- **THE TASK**
Since only the words are wanted, reproduce every entry exactly and leave the images behind.

(Phrase grounding data)
- - -

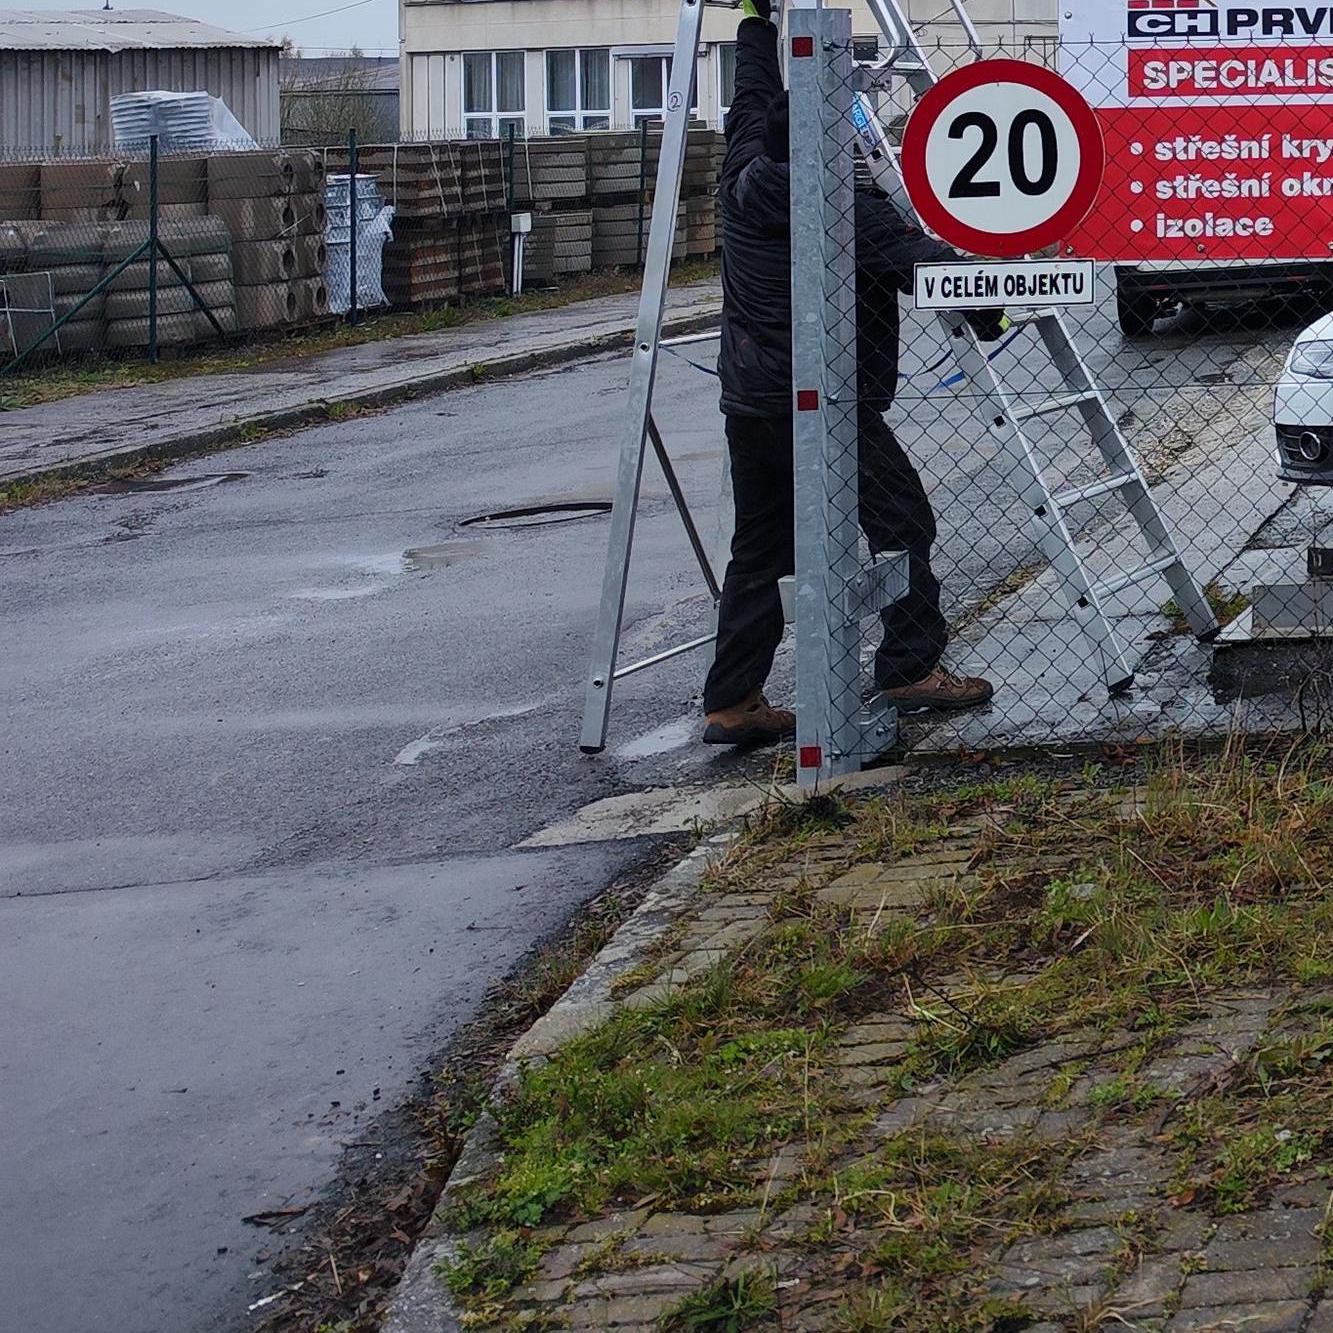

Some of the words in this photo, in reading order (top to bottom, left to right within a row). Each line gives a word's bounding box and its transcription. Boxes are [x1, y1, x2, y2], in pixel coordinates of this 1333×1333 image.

[1134, 12, 1212, 34] CH
[947, 109, 1059, 199] 20
[1154, 134, 1273, 161] střešní
[1155, 172, 1273, 199] střešní
[1155, 212, 1275, 238] izolace
[924, 276, 935, 299] V
[940, 269, 999, 298] CELÉM
[1003, 272, 1084, 297] OBJEKTU

- - -

- **SOLVED PROBLEM**
Some of the words in this photo, in reading order (top to bottom, left to right within a row). Each line gives a word's bounding box and its transcription. Boxes are [x1, y1, x2, y2], in pixel coordinates of this 1333×1333 image.

[1134, 12, 1212, 34] CH
[947, 109, 1059, 199] 20
[1154, 134, 1273, 161] střešní
[1155, 172, 1273, 199] střešní
[1155, 212, 1275, 238] izolace
[924, 276, 935, 299] V
[940, 269, 999, 298] CELÉM
[1003, 272, 1084, 297] OBJEKTU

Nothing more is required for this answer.